Save BOTH NOW - server stores only hash, plaintext cannot be retrieved.
Pass to agent via OTHERIX_BOOTSTRAP__TOKEN + OTHERIX_BOOTSTRAP__CA_FINGERPRINT (koanf double-underscore nesting).
Expires: 2026-06-06T12:10:00Z (TTL: 10m0s).
Max uses: 1.
Bound to node-name: node-1 (single-use).

The token plaintext and the cluster CA fingerprint are printed exactly once - the server stores only sha256(token). Save both: the agent needs the token to redeem and the fingerprint to pin the CP's TLS cert (trust-on-first-use).

Flags

Flag Default Notes
--ttl 1h Validity, clamped to [1m, 24h].
--max-uses 0 Consumption cap. 0 means unlimited within the TTL.
--node-name (unset) Bind the token to a specific node identity. Forces single-use (--max-uses is set to 1 server-side).
--output text text or json.

Two minting modes:

  • Pre-bound, single-use - pass --node-name. The token can only ever provision that one node identity. Defense-in-depth for known hosts.
  • Fleet bootstrap - omit --node-name. Pass --max-uses N for a strict cap, or leave it at 0 for unlimited redemptions within the TTL. Each agent supplies its own --node-name at bootstrap time.

Manage tokens

# Cursor-paginated list. Expired tokens are hidden unless --include-expired.
otherix node join-token list
otherix node join-token list --include-expired --limit 50

# Revoke an unconsumed token by id (idempotent; already-expired returns 409).
otherix node join-token revoke <token-id>

# Audit trail: which agents consumed a token, when, from which source IP.
otherix node join-token consumptions <token-id>

list renders ID | NODE-NAME | TTL-REMAINING | MAX-USES | CONSUMED | CREATED-BY; consumptions renders ID | NODE-ID | CONSUMED-AT | SOURCE-IP. Both accept --output json and --limit / --cursor for pagination.

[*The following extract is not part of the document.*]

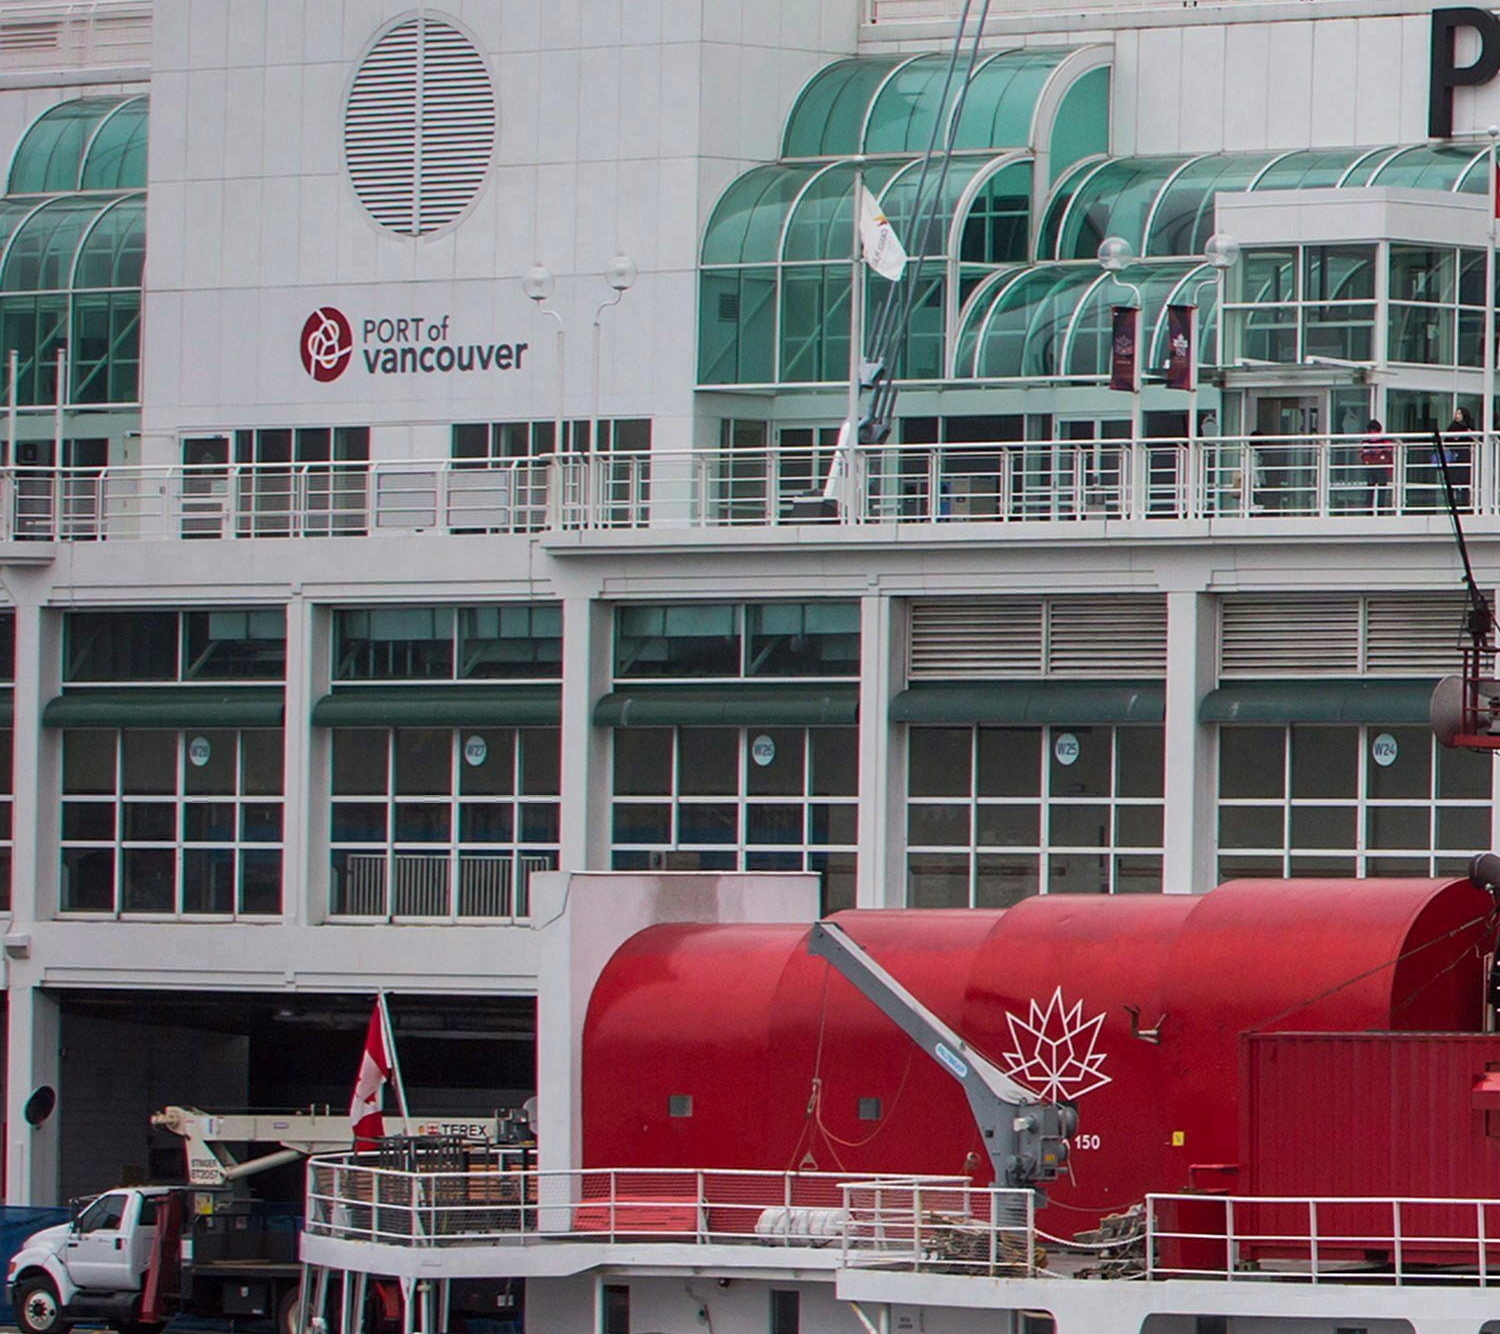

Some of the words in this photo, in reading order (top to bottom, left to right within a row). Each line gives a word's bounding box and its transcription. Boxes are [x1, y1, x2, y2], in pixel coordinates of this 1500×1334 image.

2. Bootstrap the agent on the node host

Run otherix-agent bootstrap on the node itself. It executes the join protocol against the CP and writes the issued cert material plus a generated agent.yaml to disk.

otherix-agent bootstrap \
  --token otx_join_AbC123... \
  --ca-fingerprint sha256:1a2b3c... \
  --cp-url https://cp.example:8443 \
  --node-name node-1 \
  --advertised-endpoint https://10.0.0.21:9443 \
  --migration-host 10.0.0.21

The token can come from three mutually exclusive sources (exactly one required):

  • --token <plaintext> - the literal value.
  • --token-path <file> - read from a file (whitespace-trimmed).
  • --token-env <NAME> - read from the named env var at invocation.

Flags

Flag Default Notes
--token / --token-path / --token-env - Token source (exactly one).
--ca-fingerprint - Cluster CA sha256 fingerprint (sha256:<hex> or bare hex). Required.
--cp-url - Control-plane base URL (https://...). Required.
--node-name - Cluster-unique node name. Required.
--advertised-endpoint - HTTPS URL the CP uses to reach this agent. Required.
--migration-host - Host/IP advertised for live-migration ingress. Required.
--migration-port-range-start 49152 Migration port range lower bound.
--migration-port-range-end 49251 Migration port range upper bound.
--cert-dir /var/lib/otherix/certs Destination for agent.key / agent.crt / ca.crt.
--config-path /etc/otherix/agent.yaml Destination for the generated config.
--listen 0.0.0.0:9443 Agent HTTPS bind address baked into the generated config.
--heartbeat-interval 30s Heartbeat cadence baked into the generated config.
--request-timeout 30s Per-HTTP-request timeout against the CP.
--force false Re-issue cert material on an already-bootstrapped host.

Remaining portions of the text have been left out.